● WHAT THE TASK ASKS:
Down to the last line, restate the records word for word, but not the pictures.

● RECORDED DATA:
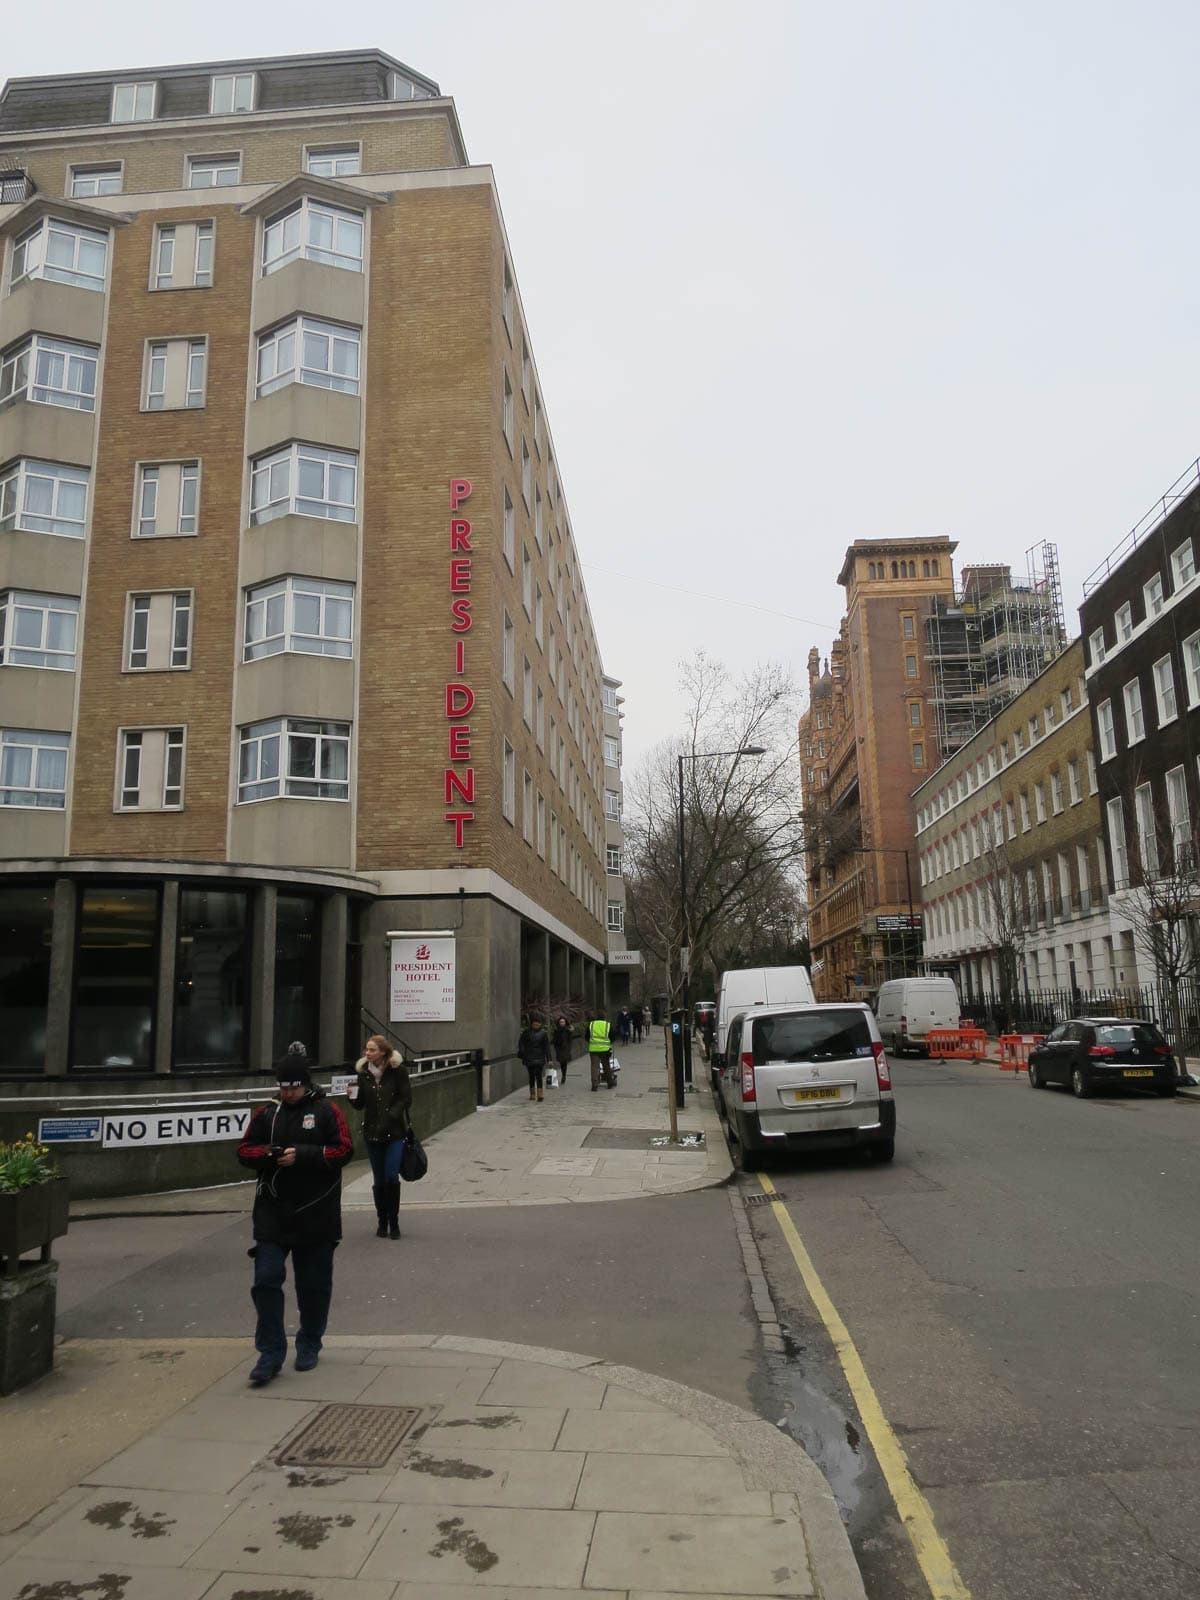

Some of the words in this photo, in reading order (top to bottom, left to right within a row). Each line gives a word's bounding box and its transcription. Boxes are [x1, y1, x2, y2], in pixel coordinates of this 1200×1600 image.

[445, 479, 475, 849] PRESIDENT
[394, 963, 451, 971] PRESIDENT
[406, 973, 441, 982] HOTEL
[672, 1023, 679, 1033] P
[105, 1120, 147, 1141] NO
[157, 1113, 248, 1139] ENTRY

● ANSWER SPACE:
Some of the words in this photo, in reading order (top to bottom, left to right within a row). Each line gives a word's bounding box and its transcription. Boxes are [x1, y1, x2, y2], in pixel coordinates of this 1200×1600 image.

[445, 479, 475, 849] PRESIDENT
[394, 963, 451, 971] PRESIDENT
[406, 973, 441, 982] HOTEL
[672, 1023, 679, 1033] P
[105, 1120, 147, 1141] NO
[157, 1113, 248, 1139] ENTRY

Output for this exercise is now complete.